After they have all that information, as you have noted, then they will consider treatment. I am not au fait with melanoma therapeutics, but my guess is that if it doesn’t seem to have spread, they will probably just stay tight with the surgery (local excision with graft, plus sentinel node from the groin). If the node is positive and/or they see anything on scans, they will try treating. I don’t know if there is any good chemotherapy, but I do know that interferon has been used with moderate effectiveness. This is a chemical (one of many) that your own body produces to fight off infections and cancer cells that float all over everyone’s body all of the time; we are all walking time bombs, and occasionally, as in your case, the cancer cells evade the natural host defenses to cause trouble. Unlike for tumours of other kinds or in other places, treatment of melanoma seems to be largely aimed at boosting the immune system. Interferon will make you feel like you have the flu, which, in a way, you do. But I don’t think it causes hair loss thing and other usual side effects of chemotherapy (and you hardly need your hair to come back in even curlier than it was!). There are also, I think but am not sure (will look it up if it comes to that), some new treatments and they might suggest you go on a clinical trial – I seem to recall an “armed antibody” being used experimentally for melanoma, but I’d have to check – no sense in jumping the gun at this point. If the tumour has not obviously spread, then after the surgery, you will be finished for now. But they will take off any other lesions which look even remotely a bit odd, so if you have any other “moles” you can expect to lose them. And you will probably be going back for oncologist visits for the rest of your life, at least for 5 years. Melanoma is one of these tumours that can disappear for years and then suddenly pop up again, though as I said, even that is not necessarily a bad thing, but it will need excision if it happens in the skin.

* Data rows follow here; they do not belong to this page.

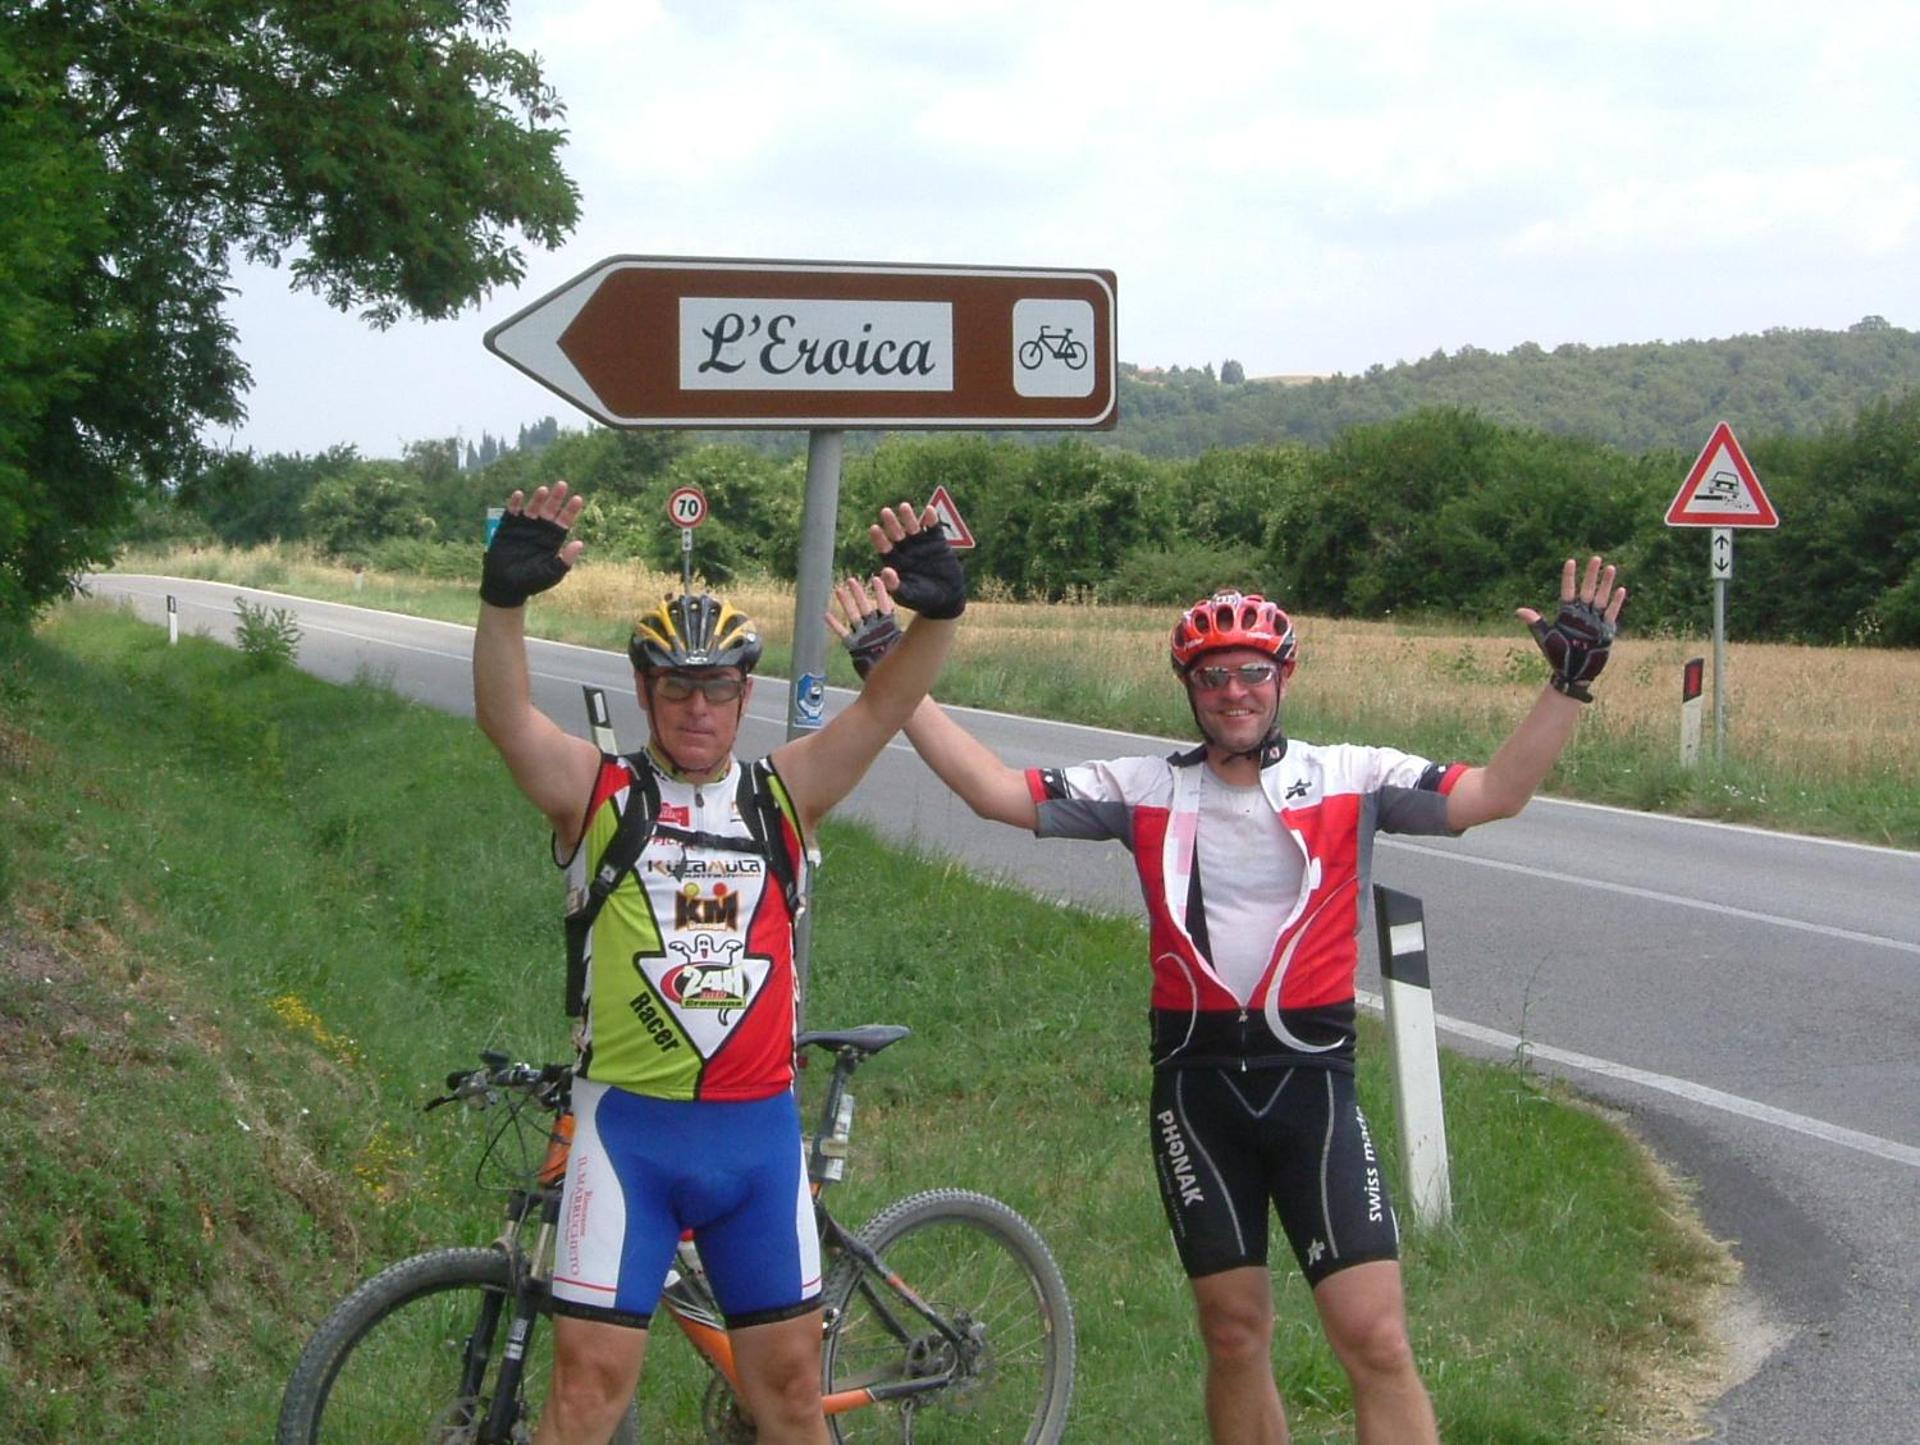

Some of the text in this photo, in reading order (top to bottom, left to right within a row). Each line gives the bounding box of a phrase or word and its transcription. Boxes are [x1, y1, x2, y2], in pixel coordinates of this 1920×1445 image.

[698, 313, 936, 376] L'Eroica
[678, 499, 699, 517] 70
[629, 991, 680, 1052] Racer
[1157, 1109, 1205, 1206] PHONAK
[1363, 1166, 1383, 1222] swiss
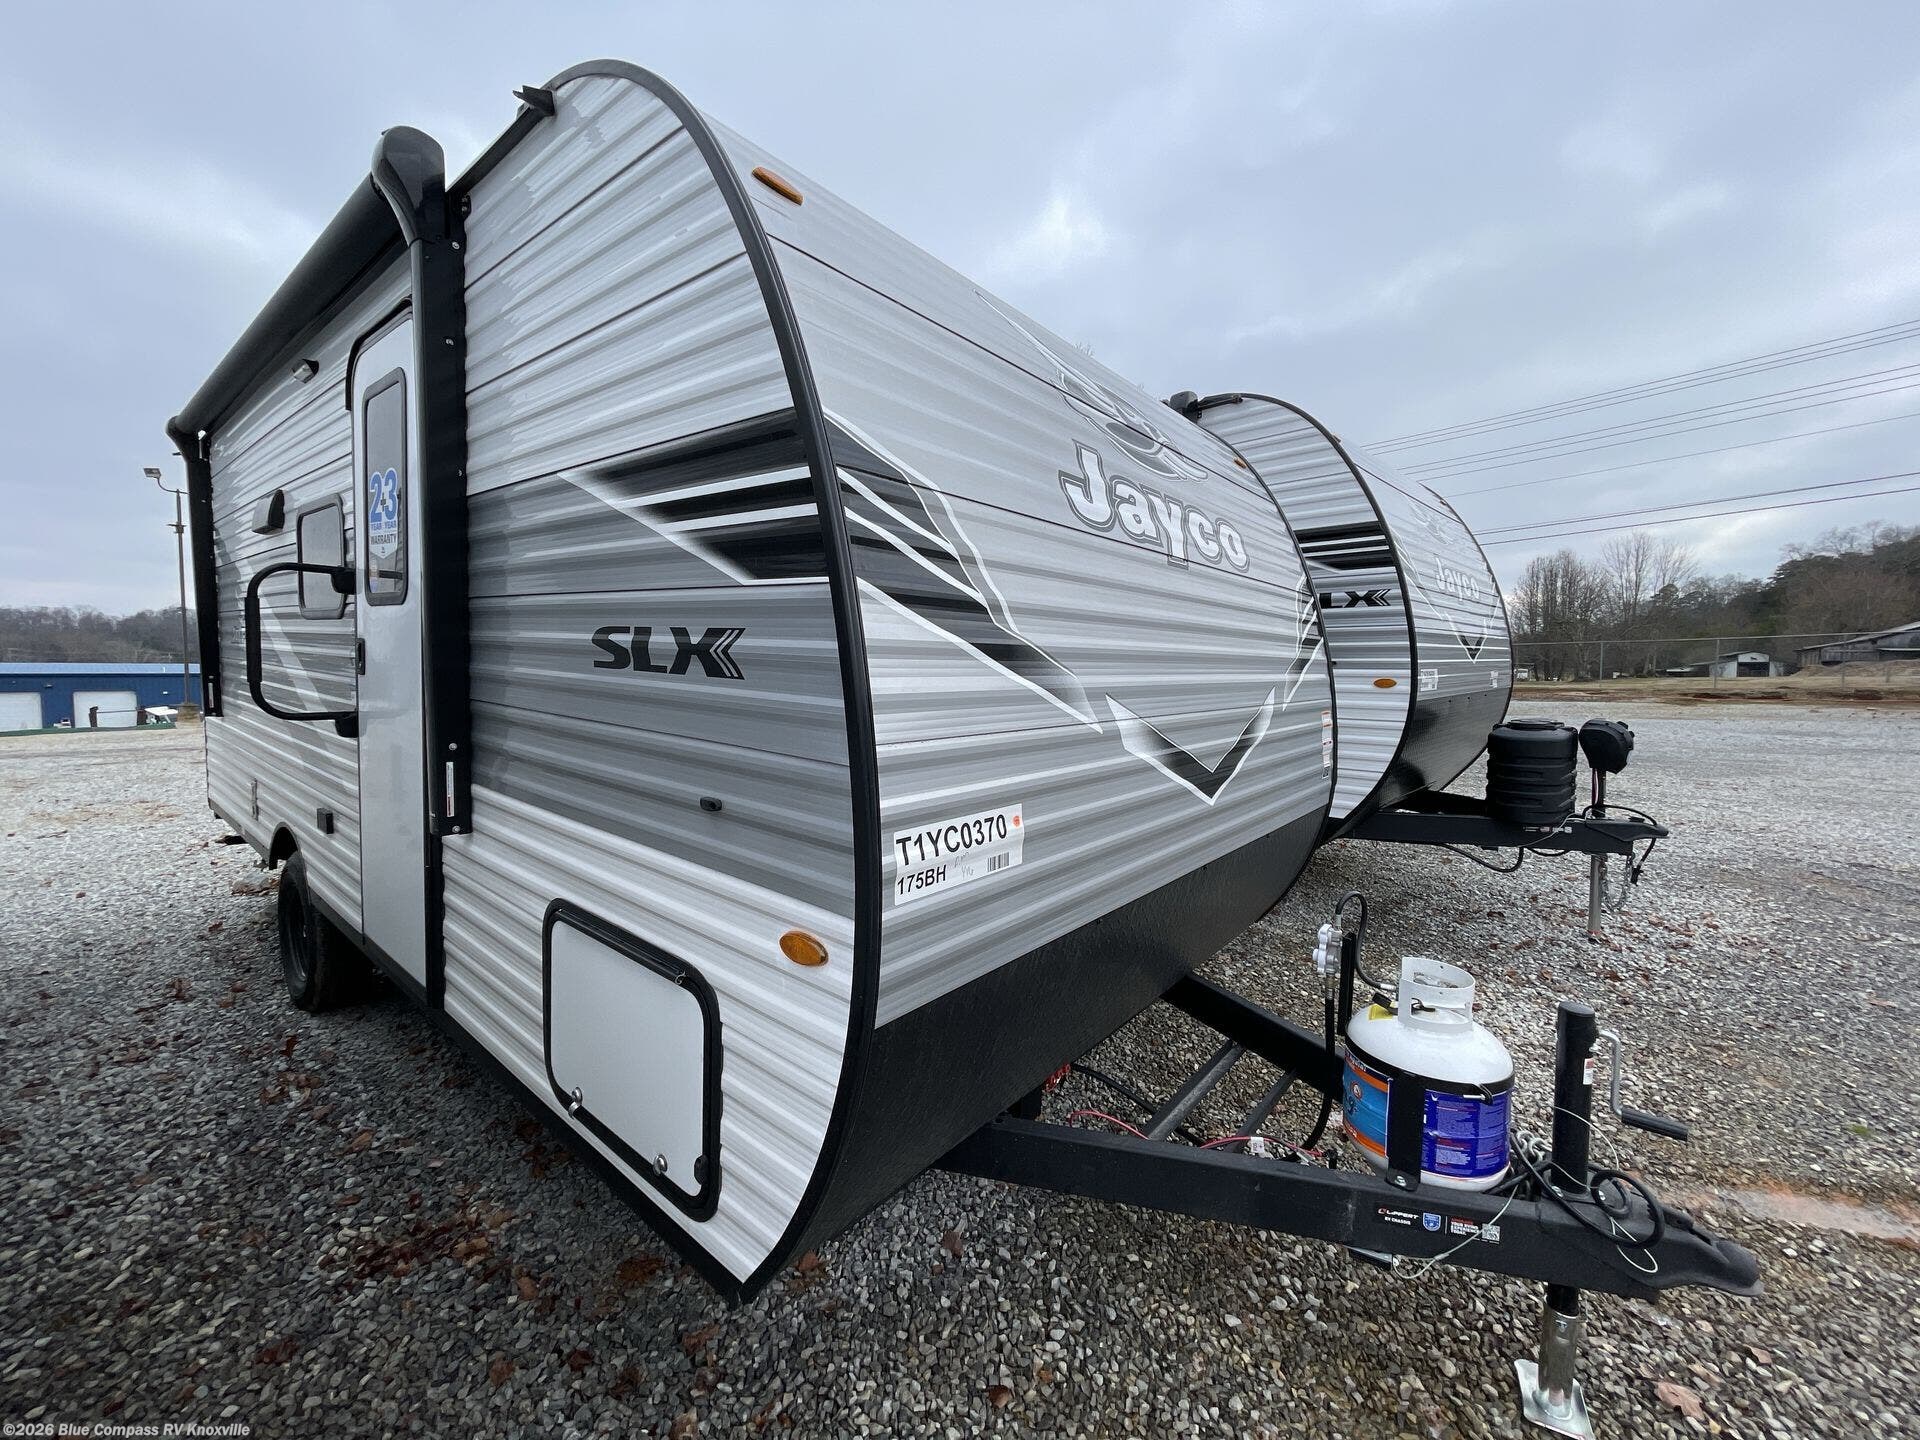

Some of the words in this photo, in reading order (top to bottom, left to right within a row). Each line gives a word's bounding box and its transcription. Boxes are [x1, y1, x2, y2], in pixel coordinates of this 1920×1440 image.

[1058, 439, 1250, 572] Jayco
[370, 534, 396, 545] WARRANTY
[1319, 589, 1391, 608] LX
[1434, 555, 1480, 603] Jayco
[592, 626, 746, 680] SLX
[896, 814, 1007, 866] T1YC0370
[897, 864, 947, 895] 175BH

I have also heard from Mr. J.R.S of Alnwick (UK), Dr. D.G of Cork (Ireland), Ms. J.S of Calgary, Dr. A.C of Calgary, Ms. A.A of Halifax, Ms. S.L RN of Calgary, Mr. D.H of Saltspring Island, Ms. K.B of Calgary, Dr. H.D of Calgary and several members of the H-J family in various places. My sincere thanks to all who have phoned or written during the last week. Your support has been invaluable. Please stay in touch.



  1. Yeah, you would pick up on that one paragraph of many. đŸ™‚ The odd thing is just how many of those initials I think I might know as well!

    Keep well, old friend.

    Mr. M.D. in Nanaimo.

  2. There’s a stage and an age where you decide to tough it out, no matter. You have a great outlook on life, the universe & everything. We run into things, pick ourselves up & continue on until the path runs out. We adjust to different conditions. As long as we can breathe, read, eat & be merry, life is… There’s always a positive. I had a stunning nurse who helped me excrete again. Trust me, it becomes a priority issue after awhile. LOL. Hardly the sexual encounter, but very satisfying nevertheless. (Edit as you wish 8^)

  3. P.S. You can add.. Life affirming…

    Soi jolie, mon vieux~!

  4. Be that bad patient. I’ve been a patient advocate for two women, each facing cervical cancer and then a hysterectomy whose fears kept them tongue-tied. It wasn’t my fear, so I could be clear for them.

    I expect P does that for you.

    If you need a consulting oncologist to help you find trials or more opinions or studies or the like, let me know. There’s a very good one near Menlo Park, even if she and I couldn’t work together!